Psuedo-science is not expert testimony
The courtroom has increasingly become a battleground—not just for legal expertise but also for scientific credibility. Recent cases across the United States have highlighted a significant and troubling issue in litigation: the extent to which expert witness testimony is actually of questionable, or even completely negligible, scientific value. Cherry-picked evidence and junk science not only risk unfairly skewing legal outcomes but also undermine public trust in both the judiciary and the scientific establishment.
Just recently, in mid-April, Judge Nancy Rosenstengel, the U.S. District Judge presiding over a massive body of litigation concerned with whether the common herbicide paraquat can cause Parkinson’s disease, excluded Cornell epidemiologist Martin Wells from testifying in four bellwether trials, due to substantial discrepancies in his testimony.

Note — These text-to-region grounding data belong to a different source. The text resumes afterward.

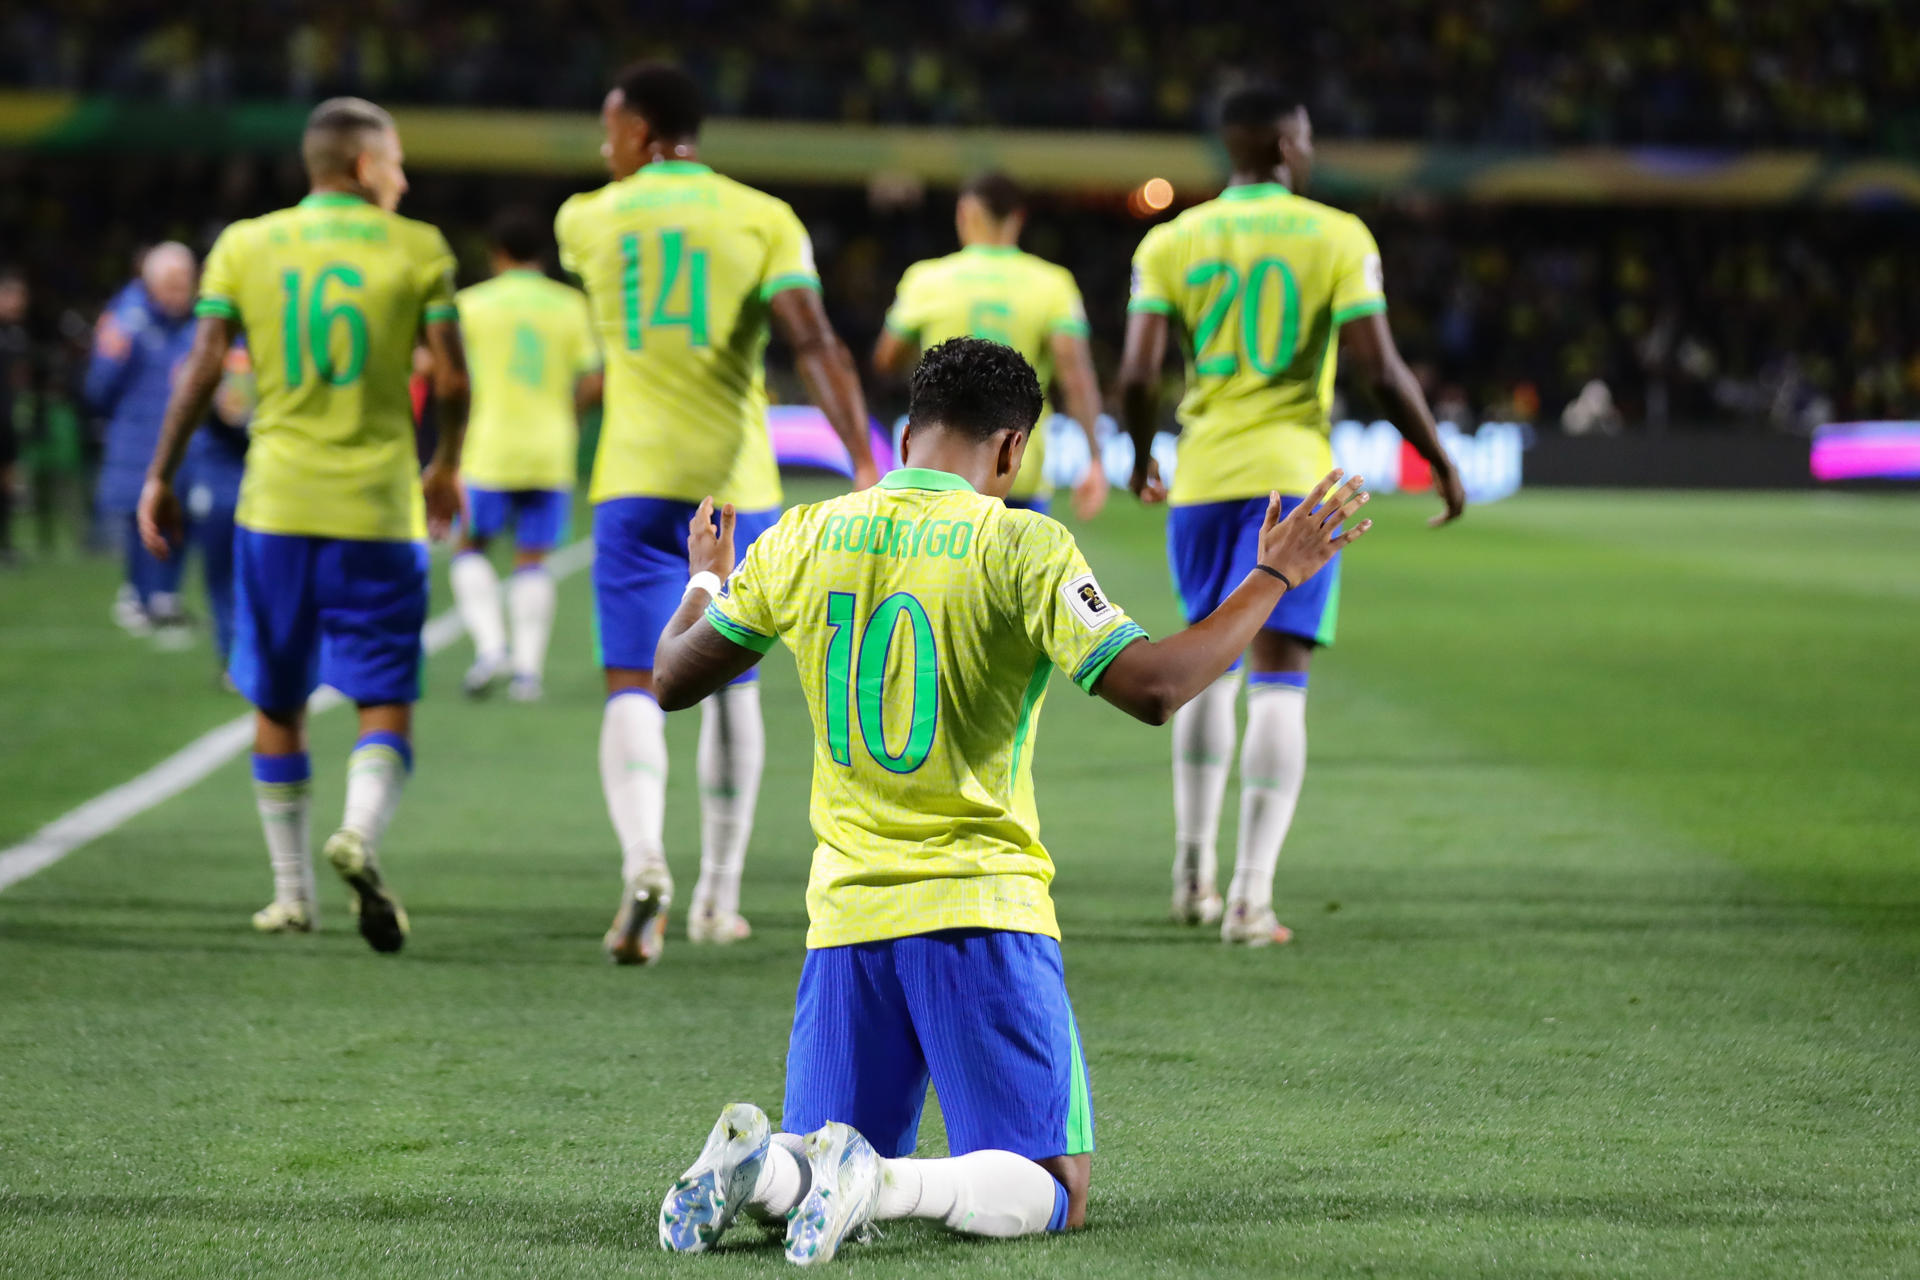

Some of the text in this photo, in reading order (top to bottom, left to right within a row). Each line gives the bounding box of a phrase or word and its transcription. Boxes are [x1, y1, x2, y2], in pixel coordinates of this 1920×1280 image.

[281, 262, 371, 389] 16
[619, 227, 711, 352] 14
[1184, 256, 1303, 379] 20
[821, 515, 974, 559] RODRYGO
[826, 591, 940, 774] 10

Given the importance of Wells’ testimony to the plaintiffs’ cases—he was, in fact, the only witness to have purportedly established that paraquat has a causal link to Parkinson’s—his disqualification speaks volumes about not only the scientific quality of his testimony but calls into question the veracity of the plaintiffs’ cases overall.

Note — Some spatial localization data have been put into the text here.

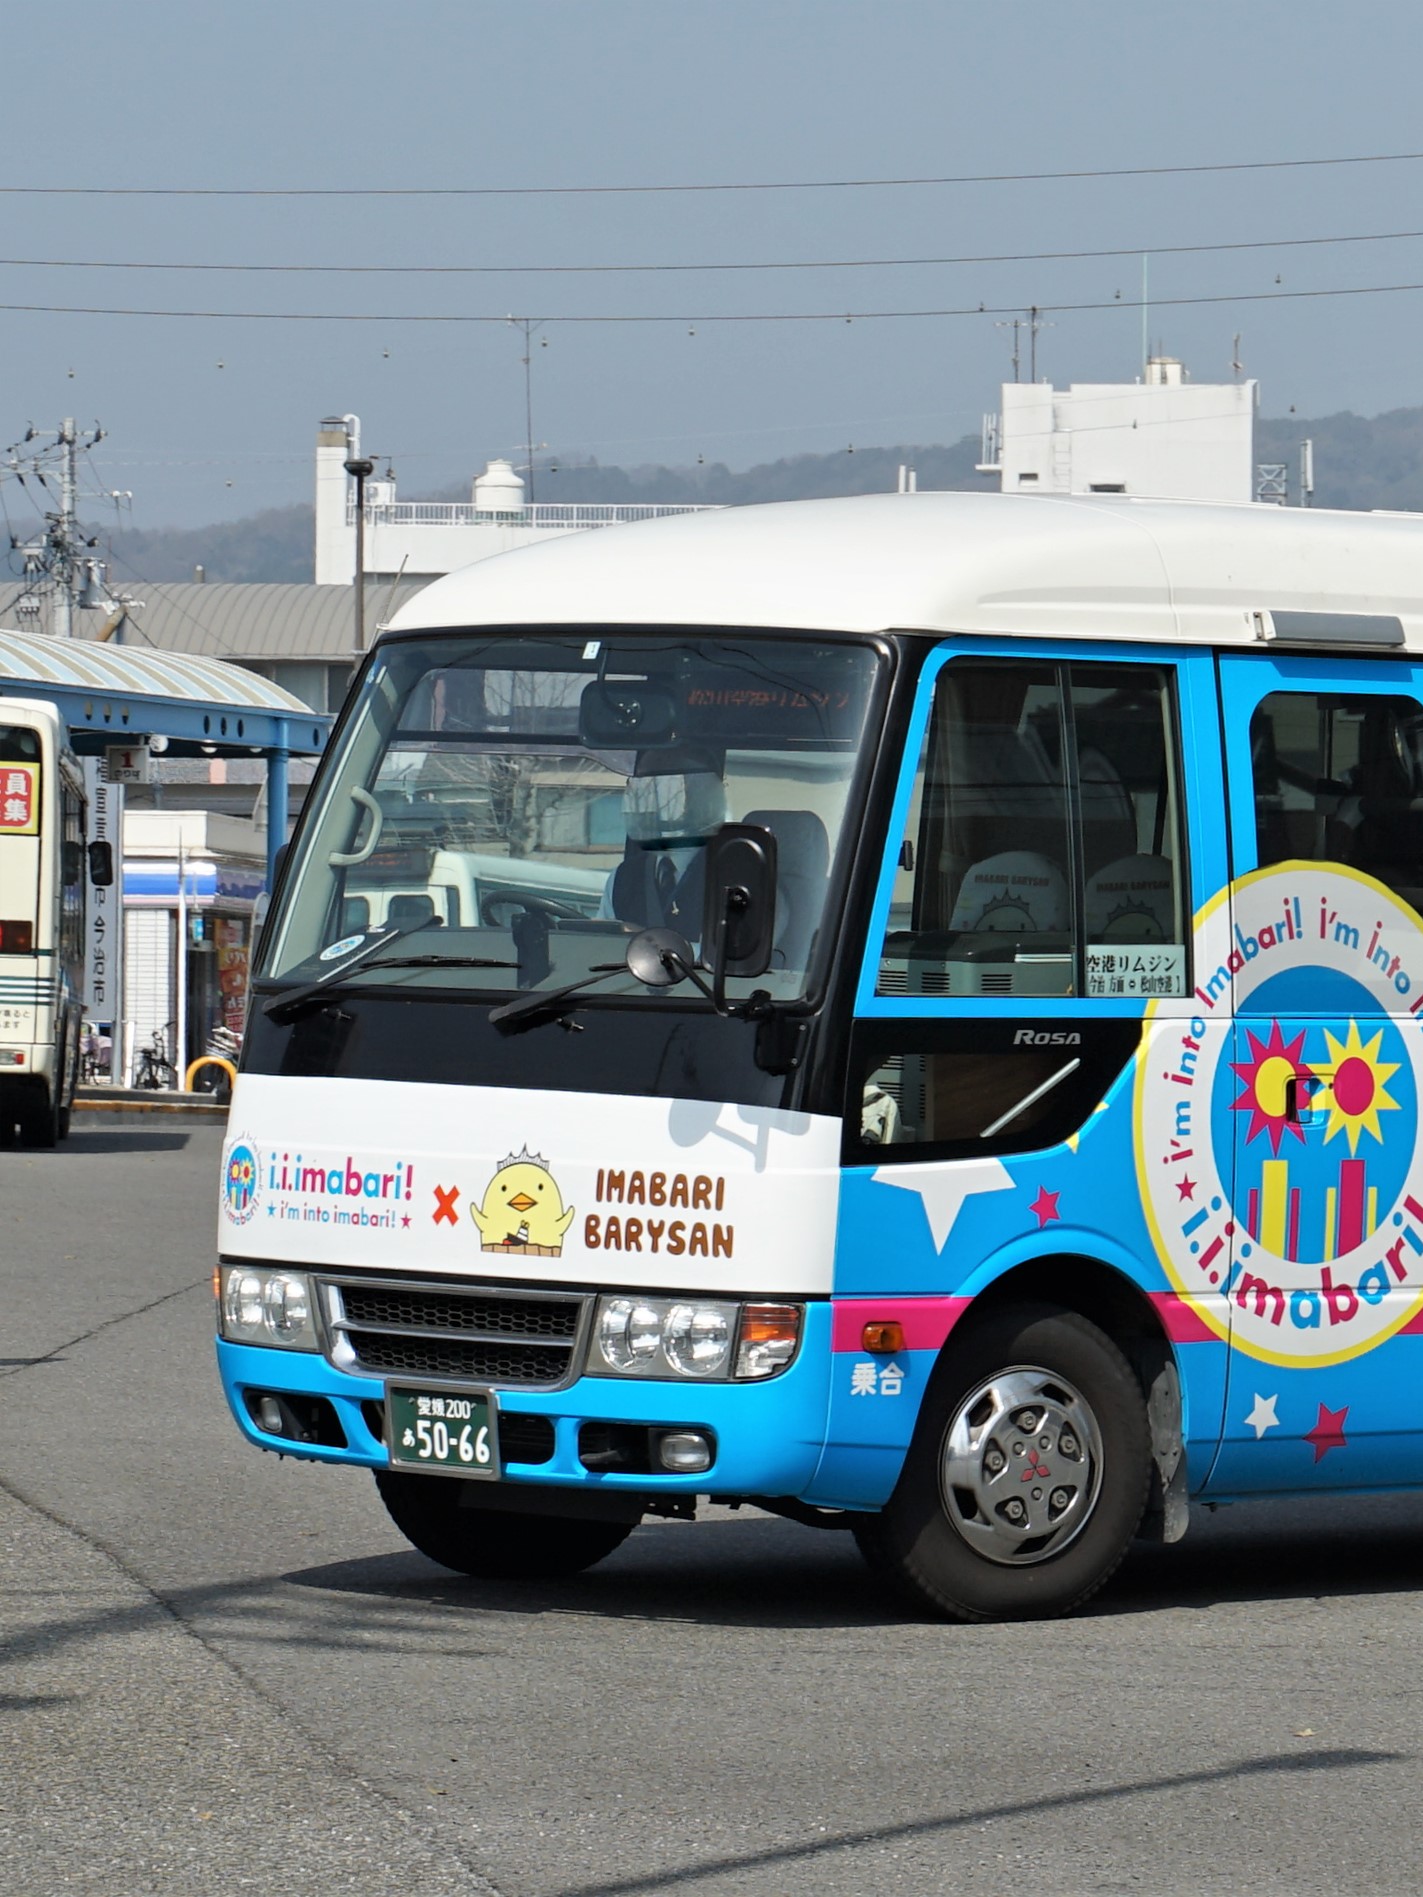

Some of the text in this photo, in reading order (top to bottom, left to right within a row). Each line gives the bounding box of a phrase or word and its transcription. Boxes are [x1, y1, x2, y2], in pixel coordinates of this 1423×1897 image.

[120, 751, 134, 768] 1
[0, 773, 28, 796] 員
[0, 798, 28, 822] 集
[1086, 954, 1177, 973] 空港リムジン
[269, 1152, 414, 1201] i.i.imabari!
[596, 1168, 725, 1212] IMABARI
[280, 1200, 396, 1229] i'm into imabari!
[584, 1213, 734, 1259] BARYSAN
[850, 1362, 905, 1397] 乗合

The dismissal of these four initial cases following Wells’ disqualification casts significant uncertainty over the fate of the more than 5,000 paraquat lawsuits centralized under Judge Rosenstengel’s jurisdiction. Paraquat, highly toxic yet highly effective, has been repeatedly approved by the U.S. Environmental Protection Agency (EPA) under the condition that it only be used by trained and certified farmers wearing protective gear. While the EPA argued in its latest review that the benefits of the chemical outweigh any potential risks after examining a substantial body of scientific literature, Martin Wells largely focused on nine studies, only one of which was found to be “high quality” by the EPA; “his proffered opinion,” Judge Rosenstengel determined, “required several methodological contortions and outright violations of the scientific standards he professed to apply.”
Judge Rosenstengel’s decision to disqualify Dr. Wells represents growing judicial awareness about the questionable quality of some expert evidence, especially in cases where large settlements and significant public health concerns are involved.
Last November, another prominent case collapsed over unreliable scientific expertise. U.S. District Judge Denise Cote found that none of the five expert witnesses in a case alleging that painkiller Tylenol could cause autism had based their views on sound scientific methodology. In her 148-page ruling, she explained that “the unstructured approach adopted by the plaintiffs’ experts permitted cherry-picking, allowed a results-driven analysis, and obscured the complexities, inconsistencies, and weaknesses in the underlying data.”
Underscoring the importance of a cautious approach, Judge Cote noted that “the issues explored by this litigation have great public health significance. It matters to get this right”—particularly given that Tylenol is currently one of the only pain relievers that doctors believe is safe for pregnant women.
Unfortunately, in some cases, weak evidence masquerading as expert testimony ends up going before the jury and influencing their decisions. A $223 million ruling against Johnson & Johnson was overturned in October 2023 because the jury had been allowed to hear “improper scientific testimony” linking J&J’s talc-based products to cancer.
But why is “junk science” making its way so frequently into the courts? Some experts believe the adversarial nature of legal proceedings could naturally polarize scientific testimony. David Eastmond, a retired environmental scientist who briefly worked as an expert witness, noted that the process of working closely with lawyers could bias experts to present evidence in a way that supports the client’s case rather than in an unbiased manner. “The more you study and construct arguments and think through your arguments, it reinforces the position you’ve taken,” Eastmond remarked. “Attorneys, by their nature, want to polarize things, so that things become more black-and-white. And in my experience, things are sort of gray.”
The lucrative nature of being an expert witness could also play a role in encouraging dubious science—just look at Bennet Omalu, who casts himself as a heroic expert bravely fighting corporate interests. Despite wild and erroneous interpretations of scientific studies, Omalu has turned serving as an expert witness into essentially his whole career, earning $900,000 in a single year from his flawed scientific testimony.
The ramifications of this proliferation of sub-par “expert” testimony in litigation are significant. When courts allow juries to hear scientifically dubious evidence, they not only undermine public trust in the legal process but also in the scientific community. The consequences can be dire, particularly in cases involving serious public health and safety matters. As such, there is a pressing need for stricter standards in the admissibility of scientific evidence in litigation—a need that courts are increasingly recognizing but are still far from fully addressing.
As we move forward, it is crucial for the legal system to adopt more rigorous methodologies for evaluating scientific claims, perhaps drawing on the model used in peer-reviewed scientific research. This would ensure that only evidence that withstands rigorous scrutiny can influence jury decisions and court outcomes, thereby upholding the integrity of both science and the law in public policy.